# Work instruction:
Only the images get left out; everything else in the records is to be transcribed exactly.
******
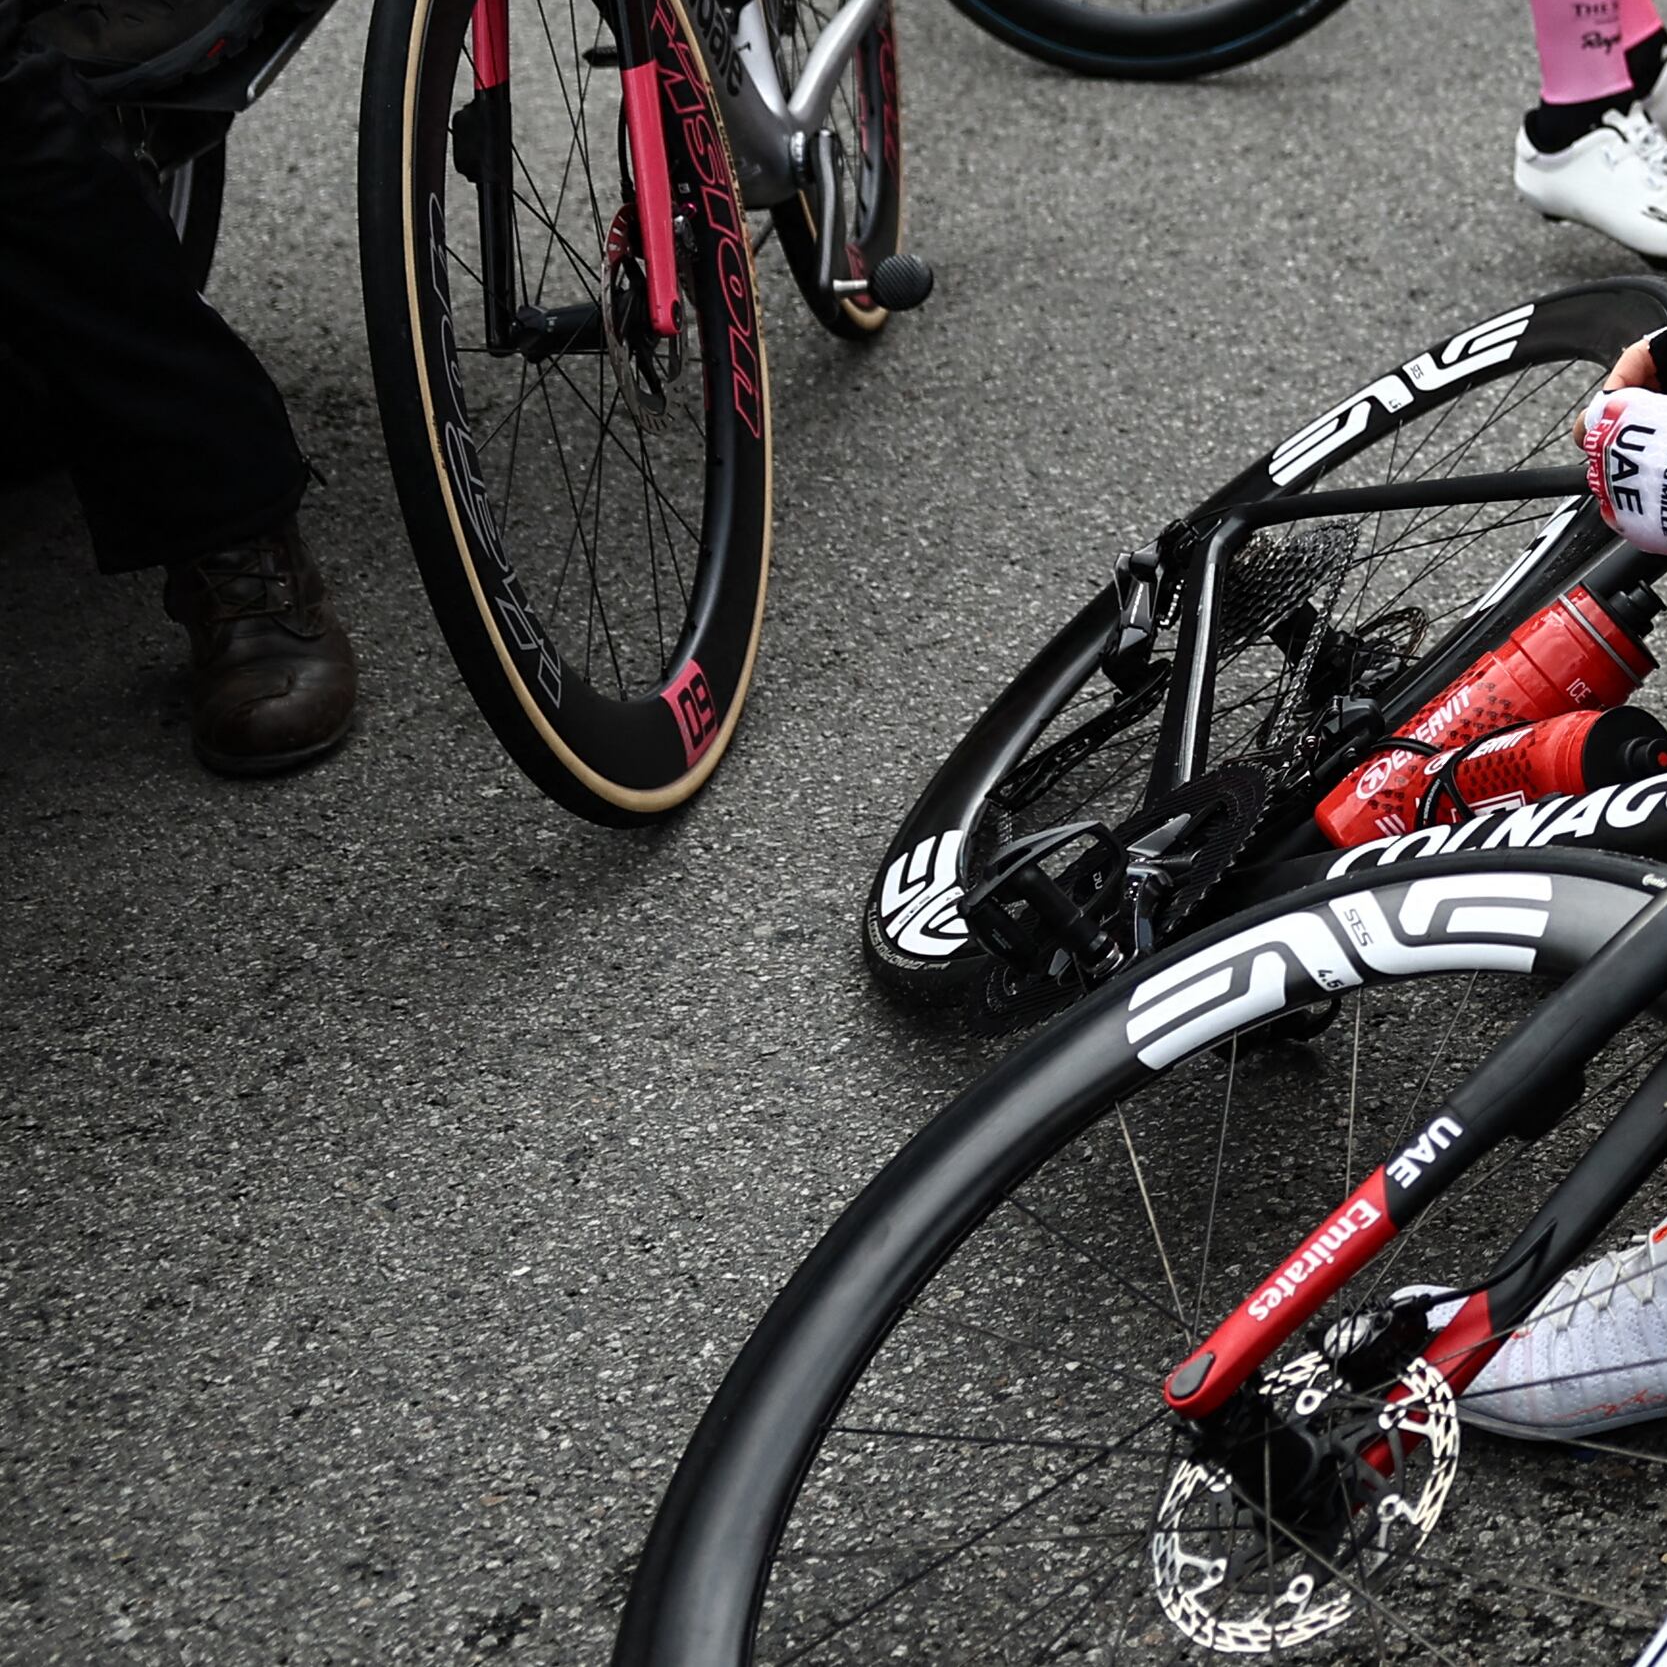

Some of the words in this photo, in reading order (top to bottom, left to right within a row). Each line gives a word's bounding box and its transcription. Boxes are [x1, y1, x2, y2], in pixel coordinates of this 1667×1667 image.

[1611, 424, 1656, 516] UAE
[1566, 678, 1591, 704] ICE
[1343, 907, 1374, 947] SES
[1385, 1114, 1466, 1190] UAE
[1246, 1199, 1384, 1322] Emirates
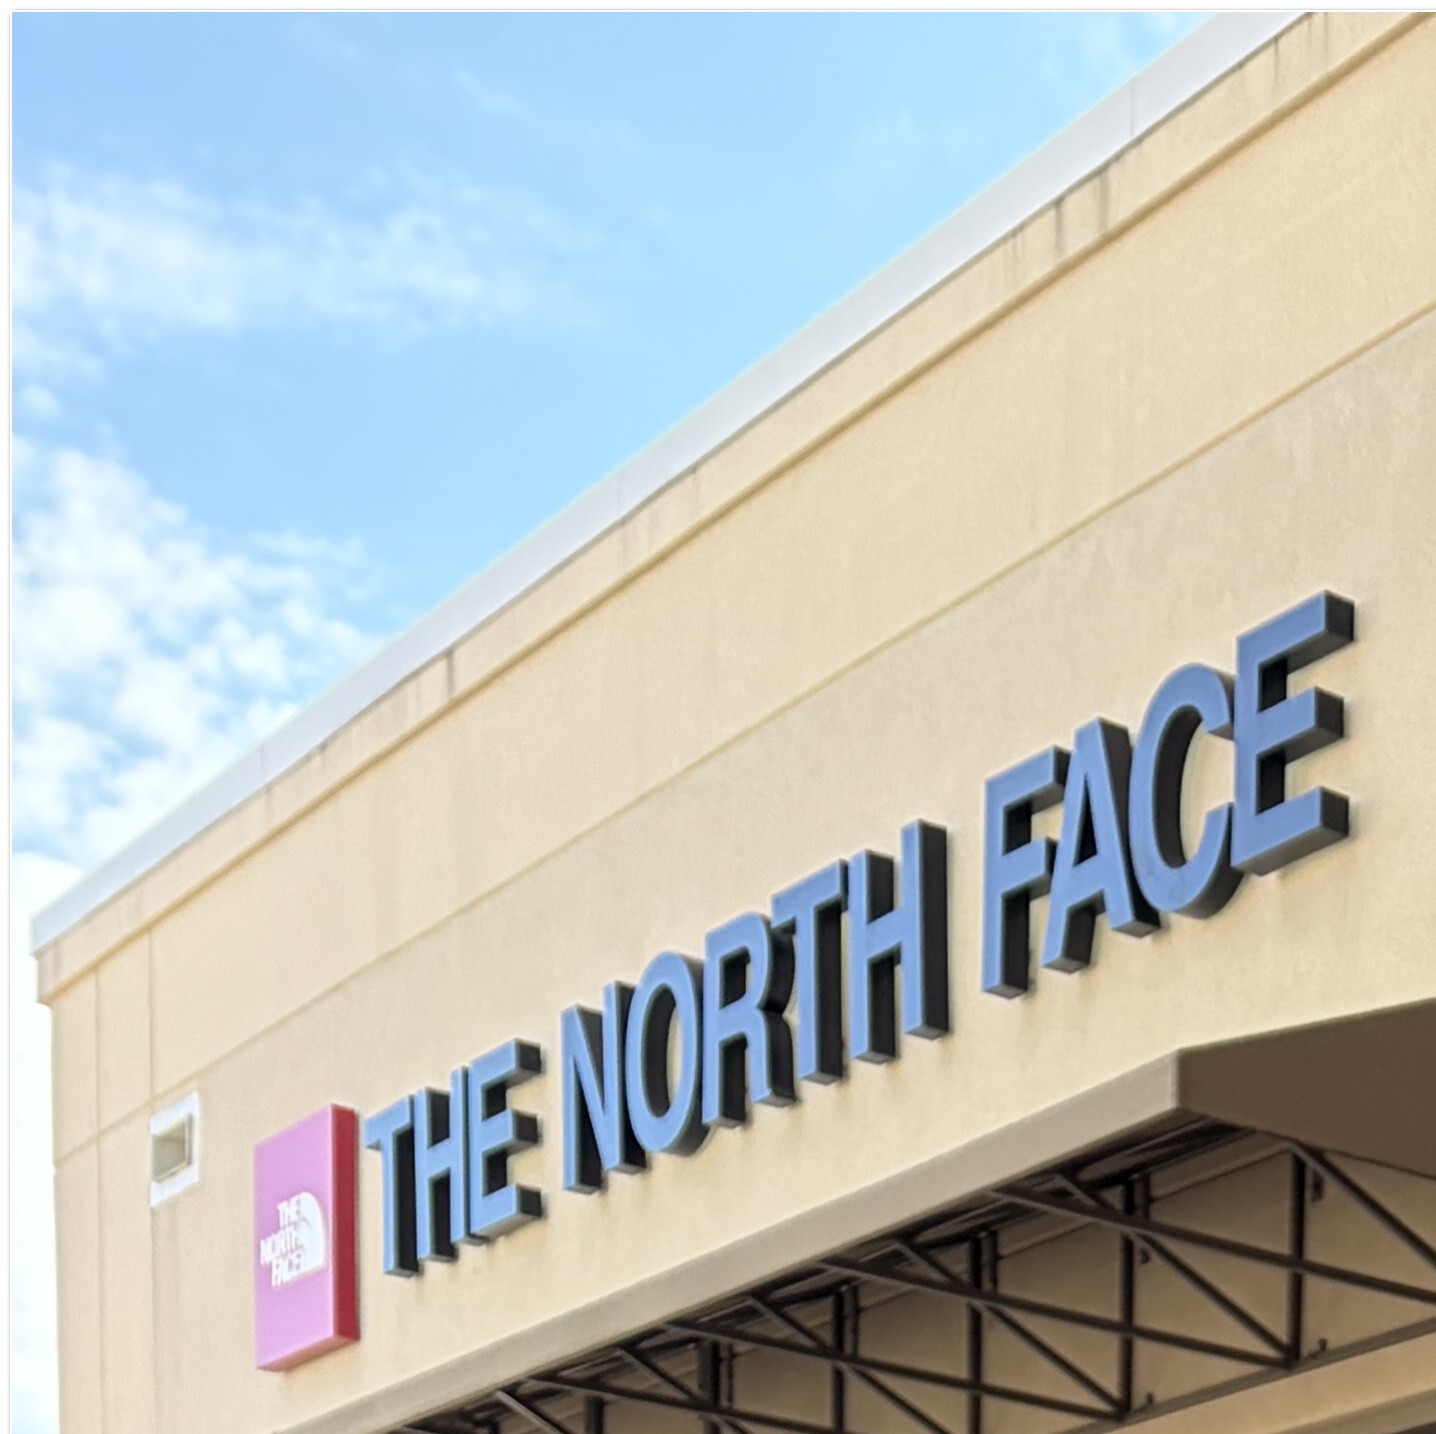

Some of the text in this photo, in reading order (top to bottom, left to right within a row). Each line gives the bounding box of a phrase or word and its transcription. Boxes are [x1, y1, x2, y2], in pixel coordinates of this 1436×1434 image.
******
# Solution below:
Some of the words in this photo, in reading order (top to bottom, left to right within a row). Each line gives a word's bounding box and its transcription. Boxes are [x1, y1, x2, y2], in pixel coordinates of this 1667×1667 image.

[1611, 424, 1656, 516] UAE
[1566, 678, 1591, 704] ICE
[1343, 907, 1374, 947] SES
[1385, 1114, 1466, 1190] UAE
[1246, 1199, 1384, 1322] Emirates

Some of the text in this photo, in reading order (top to bottom, left to right within a row). Each line gives the bounding box of a phrase or word and its transcription. Boxes are [x1, y1, x2, y2], in pixel coordinates of this 1436×1434 image.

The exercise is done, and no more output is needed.